Would you restate all the data that follows, word for word?

** EXTRACTED INFORMATION follows **

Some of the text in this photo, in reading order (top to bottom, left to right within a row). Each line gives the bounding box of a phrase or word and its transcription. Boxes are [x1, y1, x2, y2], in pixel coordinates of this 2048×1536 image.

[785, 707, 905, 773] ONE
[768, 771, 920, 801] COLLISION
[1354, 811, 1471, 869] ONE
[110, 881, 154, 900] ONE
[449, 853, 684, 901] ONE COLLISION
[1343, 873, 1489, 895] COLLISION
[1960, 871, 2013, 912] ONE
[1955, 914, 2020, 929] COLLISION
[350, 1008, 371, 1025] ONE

** End of EXTRACTED INFORMATION **

[COMPLETED EXERCISE]
Some of the text in this photo, in reading order (top to bottom, left to right within a row). Each line gives the bounding box of a phrase or word and its transcription. Boxes are [x1, y1, x2, y2], in pixel coordinates of this 2048×1536 image.

[785, 707, 905, 773] ONE
[768, 771, 920, 801] COLLISION
[1354, 811, 1471, 869] ONE
[110, 881, 154, 900] ONE
[449, 853, 684, 901] ONE COLLISION
[1343, 873, 1489, 895] COLLISION
[1960, 871, 2013, 912] ONE
[1955, 914, 2020, 929] COLLISION
[350, 1008, 371, 1025] ONE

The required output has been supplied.